[Image-backed grounding data]
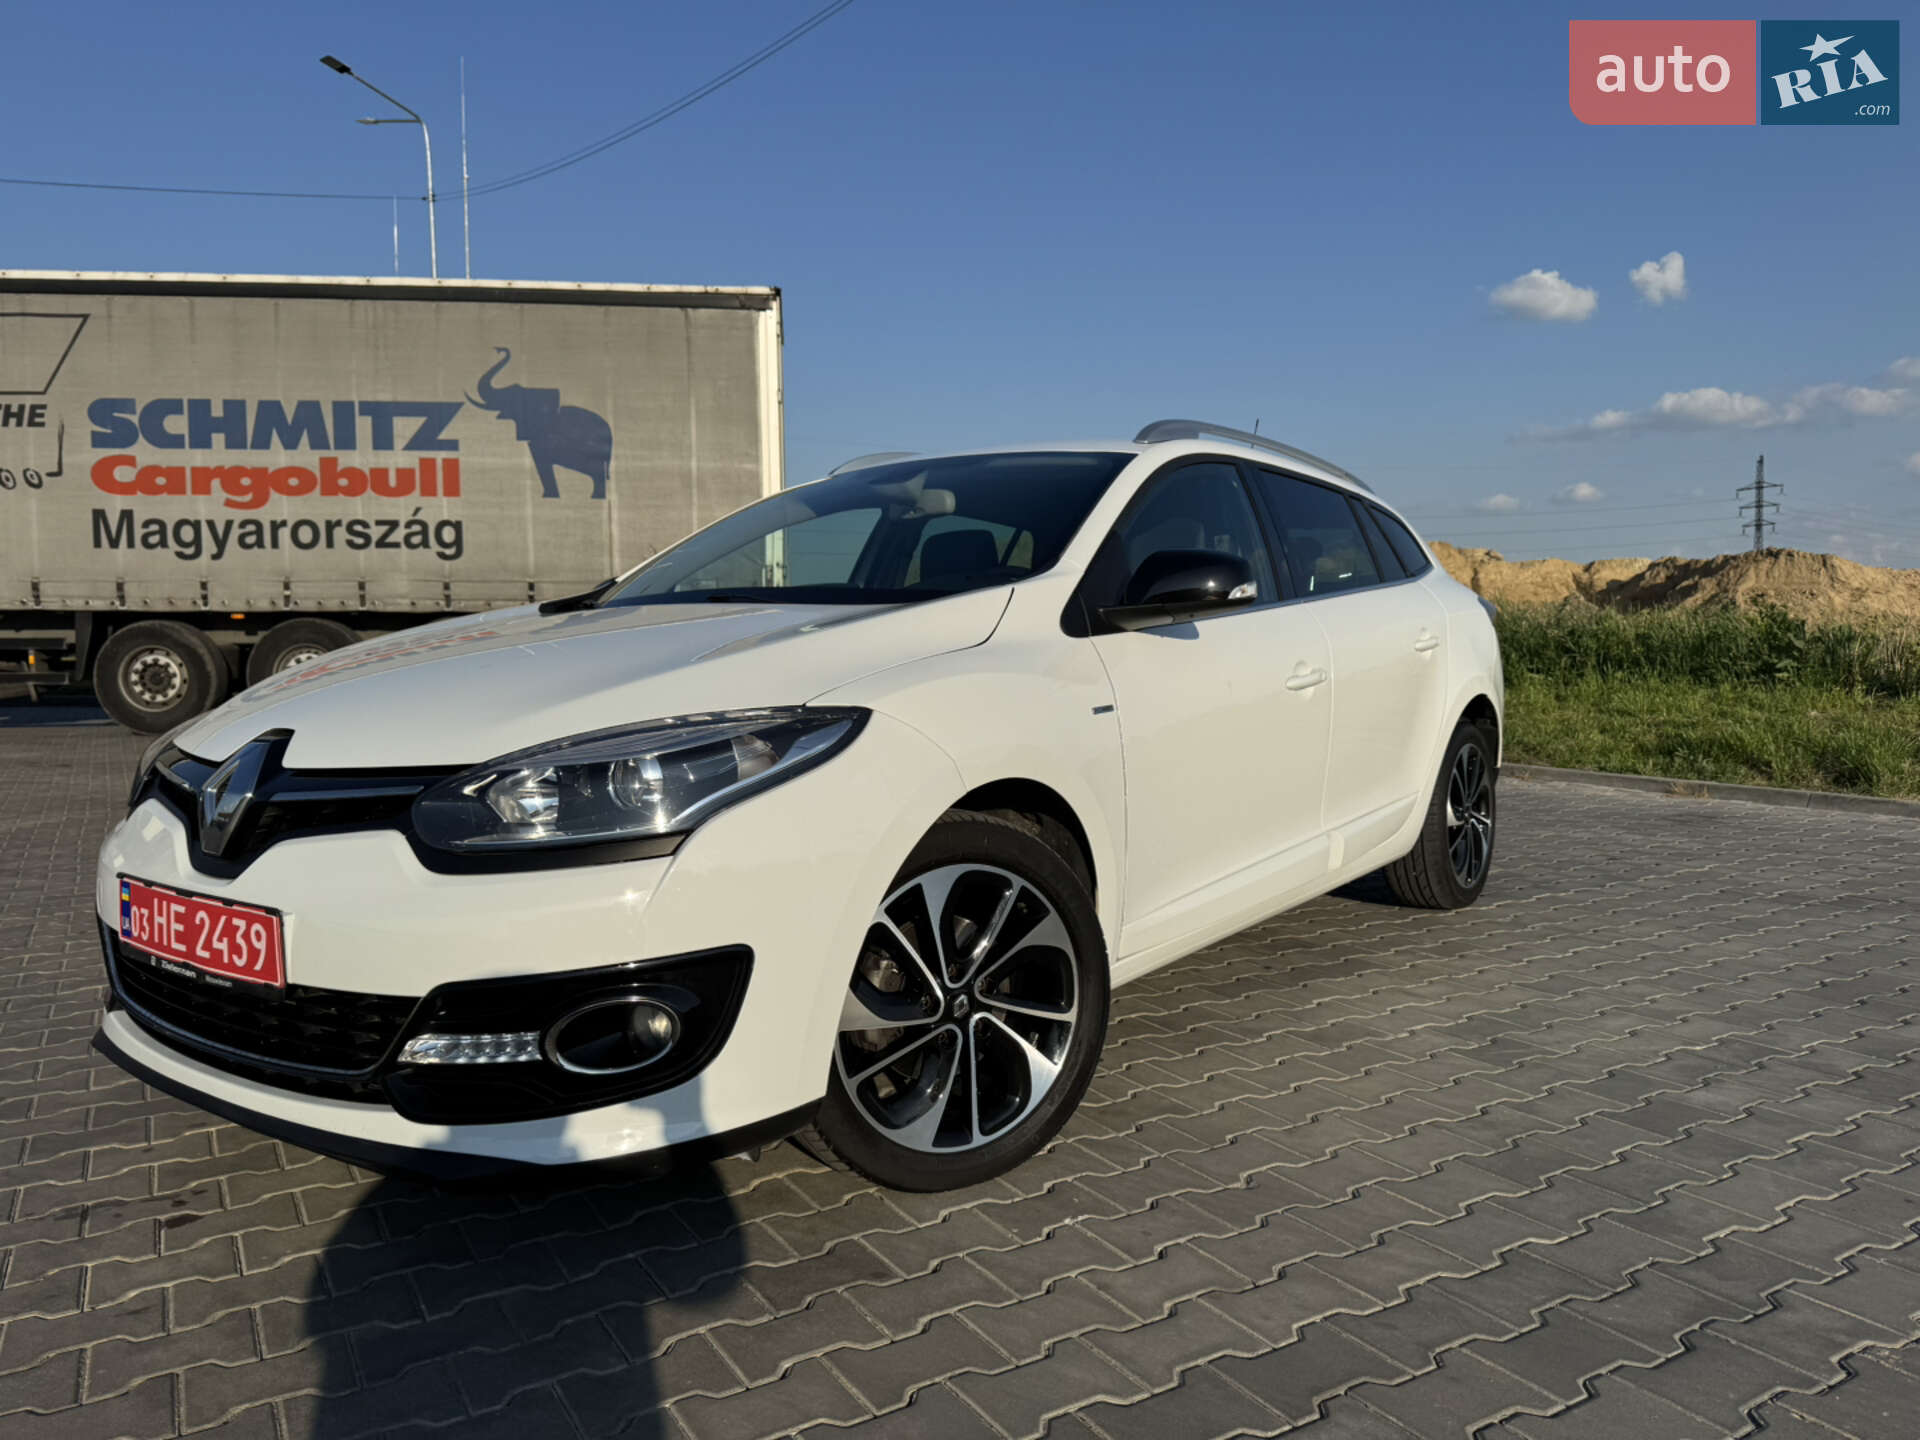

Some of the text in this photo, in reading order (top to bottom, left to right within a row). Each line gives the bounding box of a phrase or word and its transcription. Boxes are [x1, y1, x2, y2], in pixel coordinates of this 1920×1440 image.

[0, 404, 47, 427] HE
[87, 397, 465, 451] SCHMITZ
[90, 454, 461, 510] Cargobull
[92, 507, 464, 561] Magyarország
[153, 898, 187, 952] HE
[194, 910, 267, 971] 2439

◆ Activity ◆
Reproduce each line above precisely, with no pictures.

◆ Exercise solution ◆
Some of the text in this photo, in reading order (top to bottom, left to right within a row). Each line gives the bounding box of a phrase or word and its transcription. Boxes are [x1, y1, x2, y2], in pixel coordinates of this 1920×1440 image.

[0, 404, 47, 427] HE
[87, 397, 465, 451] SCHMITZ
[90, 454, 461, 510] Cargobull
[92, 507, 464, 561] Magyarország
[153, 898, 187, 952] HE
[194, 910, 267, 971] 2439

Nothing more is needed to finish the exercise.